Romney has an uneasy relationship with gun owners. "I don't line up with the NRA," he said when he tried to oust Sen. Edward M. Kennedy in Massachusetts in 1994.
When Romney ran successfully for Massachusetts governor in 2002, the NRA gave his Democratic opponent a higher rating on gun-rights issues but made no endorsement.
Massachusetts quadrupled its gun-licensing fee while Romney was governor. He signed a law that made permanent a ban on assault-type weapons, although it was coupled with measures backed by gun-rights groups, such as the creation of an appeals board for people seeking to restore their gun licenses.
As he was considering his first presidential run in 2006, Romney signed up for a lifetime NRA membership. He calls himself a strong supporter of gun ownership rights.
Romney drew snickers in 2008 by claiming he sometimes hunts "small varmints." He showed more humility and humor last month in Alabama, where he said he hoped to go hunting with a friend who "can actually show me which end of the rifle to point."
Although the Trayvon Martin case in Florida might stir new debate, gun issues have sharply faded in recent presidential elections. Obama rarely broaches the topic.

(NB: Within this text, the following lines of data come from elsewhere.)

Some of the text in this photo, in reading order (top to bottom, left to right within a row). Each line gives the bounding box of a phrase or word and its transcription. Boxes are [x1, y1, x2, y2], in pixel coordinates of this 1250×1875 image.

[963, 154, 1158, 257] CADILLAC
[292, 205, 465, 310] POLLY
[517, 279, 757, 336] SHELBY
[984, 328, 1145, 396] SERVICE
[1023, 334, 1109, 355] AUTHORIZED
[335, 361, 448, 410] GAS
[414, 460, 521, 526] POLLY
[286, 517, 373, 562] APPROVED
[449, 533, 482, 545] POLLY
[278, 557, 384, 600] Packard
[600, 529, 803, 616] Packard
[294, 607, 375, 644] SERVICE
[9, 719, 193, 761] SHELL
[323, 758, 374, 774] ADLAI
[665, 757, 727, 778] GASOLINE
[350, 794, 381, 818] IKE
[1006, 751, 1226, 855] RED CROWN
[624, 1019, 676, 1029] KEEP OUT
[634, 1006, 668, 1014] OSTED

GOP candidate forums often elicit no questions on the subject.
The NRA speech is Romney's only scheduled public appearance until Monday. The focus on gun rights will mark a sharp turn from the heavy emphasis on female voters and women's issues in the past several days.
The NRA's website urges families at the St. Louis convention to "spend the day exploring the products from every major firearm company in the country, book the hunt of a lifetime in our exclusive outfitter section, and view priceless collections of firearms in our gun collector area."
Romney plans to spend Sunday raising money in Naples and West Palm Beach, Fla.